* Given records *
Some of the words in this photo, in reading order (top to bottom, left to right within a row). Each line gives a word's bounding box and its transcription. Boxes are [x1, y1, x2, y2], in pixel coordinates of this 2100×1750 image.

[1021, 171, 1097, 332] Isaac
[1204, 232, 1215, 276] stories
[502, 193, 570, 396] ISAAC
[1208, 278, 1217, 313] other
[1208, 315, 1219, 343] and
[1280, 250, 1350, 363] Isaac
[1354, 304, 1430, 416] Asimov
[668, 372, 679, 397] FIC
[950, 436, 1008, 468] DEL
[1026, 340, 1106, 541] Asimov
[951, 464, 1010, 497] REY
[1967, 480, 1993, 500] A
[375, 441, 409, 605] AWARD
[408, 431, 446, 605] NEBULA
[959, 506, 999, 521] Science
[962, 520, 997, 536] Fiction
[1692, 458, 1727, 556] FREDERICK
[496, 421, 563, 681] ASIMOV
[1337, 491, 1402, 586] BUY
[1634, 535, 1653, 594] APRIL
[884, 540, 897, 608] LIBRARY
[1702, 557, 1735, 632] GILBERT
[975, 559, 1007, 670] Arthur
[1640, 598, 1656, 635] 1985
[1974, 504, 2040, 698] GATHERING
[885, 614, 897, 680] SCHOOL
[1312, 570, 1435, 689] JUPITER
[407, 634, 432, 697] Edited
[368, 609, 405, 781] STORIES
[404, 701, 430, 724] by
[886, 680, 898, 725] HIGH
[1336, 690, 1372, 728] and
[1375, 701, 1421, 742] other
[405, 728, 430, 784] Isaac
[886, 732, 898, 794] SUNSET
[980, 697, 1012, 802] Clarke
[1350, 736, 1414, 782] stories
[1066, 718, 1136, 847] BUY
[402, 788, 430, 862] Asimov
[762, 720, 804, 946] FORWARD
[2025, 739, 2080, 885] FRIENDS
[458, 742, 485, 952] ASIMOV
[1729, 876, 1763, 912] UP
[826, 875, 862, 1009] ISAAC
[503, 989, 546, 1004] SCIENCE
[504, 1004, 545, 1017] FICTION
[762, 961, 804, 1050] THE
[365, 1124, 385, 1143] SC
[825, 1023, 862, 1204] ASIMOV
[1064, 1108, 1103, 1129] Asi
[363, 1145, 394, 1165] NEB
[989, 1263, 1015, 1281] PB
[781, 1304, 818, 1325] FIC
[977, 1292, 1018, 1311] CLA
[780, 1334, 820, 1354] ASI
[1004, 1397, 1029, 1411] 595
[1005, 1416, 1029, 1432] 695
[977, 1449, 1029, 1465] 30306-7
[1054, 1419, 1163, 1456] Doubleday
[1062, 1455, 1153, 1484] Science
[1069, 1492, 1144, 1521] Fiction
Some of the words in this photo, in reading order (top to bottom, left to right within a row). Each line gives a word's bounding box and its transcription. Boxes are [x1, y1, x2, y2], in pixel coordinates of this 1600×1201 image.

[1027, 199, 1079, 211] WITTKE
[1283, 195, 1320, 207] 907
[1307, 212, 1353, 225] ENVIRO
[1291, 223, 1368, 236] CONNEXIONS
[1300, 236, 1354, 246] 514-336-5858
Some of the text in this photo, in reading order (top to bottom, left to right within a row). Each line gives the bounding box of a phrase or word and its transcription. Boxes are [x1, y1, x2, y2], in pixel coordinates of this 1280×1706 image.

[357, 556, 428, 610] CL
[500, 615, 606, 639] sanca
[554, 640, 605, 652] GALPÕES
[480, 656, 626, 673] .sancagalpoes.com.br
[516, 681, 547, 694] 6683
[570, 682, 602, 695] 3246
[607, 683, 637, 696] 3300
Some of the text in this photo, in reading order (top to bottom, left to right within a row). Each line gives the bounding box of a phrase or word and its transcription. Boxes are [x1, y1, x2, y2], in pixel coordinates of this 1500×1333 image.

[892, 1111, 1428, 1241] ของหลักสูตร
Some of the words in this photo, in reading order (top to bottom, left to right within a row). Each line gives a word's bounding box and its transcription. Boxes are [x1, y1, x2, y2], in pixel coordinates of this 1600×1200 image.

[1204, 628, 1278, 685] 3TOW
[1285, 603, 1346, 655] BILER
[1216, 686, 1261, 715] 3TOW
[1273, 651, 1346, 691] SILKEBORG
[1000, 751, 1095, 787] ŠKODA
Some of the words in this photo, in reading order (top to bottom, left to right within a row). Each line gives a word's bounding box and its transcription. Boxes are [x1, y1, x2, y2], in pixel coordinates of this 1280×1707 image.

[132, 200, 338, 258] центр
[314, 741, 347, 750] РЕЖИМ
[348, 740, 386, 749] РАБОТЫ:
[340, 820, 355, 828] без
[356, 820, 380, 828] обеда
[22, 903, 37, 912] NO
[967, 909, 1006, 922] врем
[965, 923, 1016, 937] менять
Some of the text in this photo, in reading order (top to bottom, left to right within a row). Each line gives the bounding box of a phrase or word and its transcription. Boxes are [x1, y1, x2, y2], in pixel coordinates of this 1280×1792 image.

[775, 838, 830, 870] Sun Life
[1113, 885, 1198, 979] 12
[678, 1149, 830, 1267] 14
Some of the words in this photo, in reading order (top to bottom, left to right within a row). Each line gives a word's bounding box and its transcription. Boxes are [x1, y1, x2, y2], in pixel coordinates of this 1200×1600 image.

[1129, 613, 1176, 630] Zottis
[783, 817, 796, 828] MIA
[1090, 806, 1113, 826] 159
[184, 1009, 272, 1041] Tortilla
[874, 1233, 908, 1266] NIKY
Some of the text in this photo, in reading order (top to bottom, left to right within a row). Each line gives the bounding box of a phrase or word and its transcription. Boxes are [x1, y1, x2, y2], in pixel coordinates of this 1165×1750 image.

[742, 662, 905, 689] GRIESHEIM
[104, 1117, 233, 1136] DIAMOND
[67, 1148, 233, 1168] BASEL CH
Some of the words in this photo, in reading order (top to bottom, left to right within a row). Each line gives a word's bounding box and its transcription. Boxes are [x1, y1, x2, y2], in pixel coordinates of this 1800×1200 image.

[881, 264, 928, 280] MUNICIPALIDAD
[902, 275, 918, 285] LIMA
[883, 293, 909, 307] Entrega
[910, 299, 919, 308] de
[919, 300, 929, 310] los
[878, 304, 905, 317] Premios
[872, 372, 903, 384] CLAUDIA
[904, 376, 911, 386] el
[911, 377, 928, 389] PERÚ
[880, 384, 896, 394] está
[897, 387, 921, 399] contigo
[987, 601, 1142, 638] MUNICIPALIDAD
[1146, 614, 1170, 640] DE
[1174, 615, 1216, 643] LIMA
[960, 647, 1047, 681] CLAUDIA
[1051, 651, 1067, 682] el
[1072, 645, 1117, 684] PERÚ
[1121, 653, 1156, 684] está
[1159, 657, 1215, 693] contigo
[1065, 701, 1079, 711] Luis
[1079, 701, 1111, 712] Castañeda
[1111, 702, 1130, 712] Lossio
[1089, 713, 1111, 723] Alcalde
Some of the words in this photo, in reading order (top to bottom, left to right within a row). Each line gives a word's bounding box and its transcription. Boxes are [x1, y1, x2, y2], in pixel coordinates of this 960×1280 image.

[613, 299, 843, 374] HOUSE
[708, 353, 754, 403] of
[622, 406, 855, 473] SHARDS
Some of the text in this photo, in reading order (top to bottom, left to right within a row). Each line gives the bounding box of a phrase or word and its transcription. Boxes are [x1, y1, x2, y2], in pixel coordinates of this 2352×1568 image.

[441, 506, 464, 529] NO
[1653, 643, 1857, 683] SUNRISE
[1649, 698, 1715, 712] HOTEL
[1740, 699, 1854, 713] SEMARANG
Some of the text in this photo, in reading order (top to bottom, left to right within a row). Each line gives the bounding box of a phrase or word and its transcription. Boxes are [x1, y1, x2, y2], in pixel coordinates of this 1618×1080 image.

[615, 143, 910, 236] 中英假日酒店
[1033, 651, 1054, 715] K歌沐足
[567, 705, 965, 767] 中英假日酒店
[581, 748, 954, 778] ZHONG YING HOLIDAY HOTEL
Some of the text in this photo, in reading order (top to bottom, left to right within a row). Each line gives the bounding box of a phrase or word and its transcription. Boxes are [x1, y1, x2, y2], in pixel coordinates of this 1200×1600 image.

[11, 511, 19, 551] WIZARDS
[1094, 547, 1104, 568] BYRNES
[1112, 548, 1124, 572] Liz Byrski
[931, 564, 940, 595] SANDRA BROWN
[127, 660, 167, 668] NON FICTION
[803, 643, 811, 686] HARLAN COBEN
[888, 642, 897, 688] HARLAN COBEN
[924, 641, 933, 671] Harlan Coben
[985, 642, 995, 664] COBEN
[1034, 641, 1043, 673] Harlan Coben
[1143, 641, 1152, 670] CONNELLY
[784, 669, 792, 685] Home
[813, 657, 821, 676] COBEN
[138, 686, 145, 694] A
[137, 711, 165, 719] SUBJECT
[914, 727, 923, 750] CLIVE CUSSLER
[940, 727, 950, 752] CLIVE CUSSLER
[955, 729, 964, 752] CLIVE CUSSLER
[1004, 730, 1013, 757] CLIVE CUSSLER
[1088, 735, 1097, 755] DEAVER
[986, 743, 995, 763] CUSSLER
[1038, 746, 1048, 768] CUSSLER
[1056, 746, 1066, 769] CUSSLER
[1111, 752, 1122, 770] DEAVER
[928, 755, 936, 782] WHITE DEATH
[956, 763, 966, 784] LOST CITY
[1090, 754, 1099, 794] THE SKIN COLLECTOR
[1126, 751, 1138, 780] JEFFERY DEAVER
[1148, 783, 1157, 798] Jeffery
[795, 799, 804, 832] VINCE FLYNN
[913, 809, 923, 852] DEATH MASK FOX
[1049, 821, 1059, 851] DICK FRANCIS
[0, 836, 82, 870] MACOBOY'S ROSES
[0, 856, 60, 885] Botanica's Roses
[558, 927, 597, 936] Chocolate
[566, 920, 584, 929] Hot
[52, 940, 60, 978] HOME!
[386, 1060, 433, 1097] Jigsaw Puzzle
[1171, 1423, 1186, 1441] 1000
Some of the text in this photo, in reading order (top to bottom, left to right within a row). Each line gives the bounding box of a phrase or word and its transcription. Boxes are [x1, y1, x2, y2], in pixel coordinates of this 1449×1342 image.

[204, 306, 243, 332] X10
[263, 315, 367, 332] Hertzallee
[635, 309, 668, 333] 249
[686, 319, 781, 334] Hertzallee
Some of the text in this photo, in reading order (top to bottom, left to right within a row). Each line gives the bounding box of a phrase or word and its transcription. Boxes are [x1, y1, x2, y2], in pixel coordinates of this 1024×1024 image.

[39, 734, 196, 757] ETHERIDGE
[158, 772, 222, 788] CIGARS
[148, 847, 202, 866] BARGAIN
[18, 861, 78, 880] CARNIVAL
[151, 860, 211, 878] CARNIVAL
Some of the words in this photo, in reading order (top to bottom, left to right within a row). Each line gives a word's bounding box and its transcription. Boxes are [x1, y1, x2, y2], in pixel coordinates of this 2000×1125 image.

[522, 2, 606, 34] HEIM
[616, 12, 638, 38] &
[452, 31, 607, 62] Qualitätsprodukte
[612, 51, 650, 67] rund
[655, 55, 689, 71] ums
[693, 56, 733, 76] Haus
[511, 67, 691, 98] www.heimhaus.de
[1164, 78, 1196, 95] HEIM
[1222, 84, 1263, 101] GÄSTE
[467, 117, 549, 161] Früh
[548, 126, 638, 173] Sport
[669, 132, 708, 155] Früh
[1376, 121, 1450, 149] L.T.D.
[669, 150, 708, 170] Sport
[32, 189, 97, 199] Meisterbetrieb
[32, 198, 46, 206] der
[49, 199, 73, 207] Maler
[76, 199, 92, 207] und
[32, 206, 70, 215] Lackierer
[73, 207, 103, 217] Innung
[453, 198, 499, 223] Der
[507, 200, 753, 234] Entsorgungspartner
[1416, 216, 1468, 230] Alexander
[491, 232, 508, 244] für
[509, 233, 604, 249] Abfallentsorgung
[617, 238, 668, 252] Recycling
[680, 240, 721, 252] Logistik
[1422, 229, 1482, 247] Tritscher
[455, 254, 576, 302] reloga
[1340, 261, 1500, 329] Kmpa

* What to produce *
Word for word, repeat the lines from the one holding "this 2000×1125 image." through the last line of the entries, both included.

* Response box *
Some of the words in this photo, in reading order (top to bottom, left to right within a row). Each line gives a word's bounding box and its transcription. Boxes are [x1, y1, x2, y2], in pixel coordinates of this 2000×1125 image.

[522, 2, 606, 34] HEIM
[616, 12, 638, 38] &
[452, 31, 607, 62] Qualitätsprodukte
[612, 51, 650, 67] rund
[655, 55, 689, 71] ums
[693, 56, 733, 76] Haus
[511, 67, 691, 98] www.heimhaus.de
[1164, 78, 1196, 95] HEIM
[1222, 84, 1263, 101] GÄSTE
[467, 117, 549, 161] Früh
[548, 126, 638, 173] Sport
[669, 132, 708, 155] Früh
[1376, 121, 1450, 149] L.T.D.
[669, 150, 708, 170] Sport
[32, 189, 97, 199] Meisterbetrieb
[32, 198, 46, 206] der
[49, 199, 73, 207] Maler
[76, 199, 92, 207] und
[32, 206, 70, 215] Lackierer
[73, 207, 103, 217] Innung
[453, 198, 499, 223] Der
[507, 200, 753, 234] Entsorgungspartner
[1416, 216, 1468, 230] Alexander
[491, 232, 508, 244] für
[509, 233, 604, 249] Abfallentsorgung
[617, 238, 668, 252] Recycling
[680, 240, 721, 252] Logistik
[1422, 229, 1482, 247] Tritscher
[455, 254, 576, 302] reloga
[1340, 261, 1500, 329] Kmpa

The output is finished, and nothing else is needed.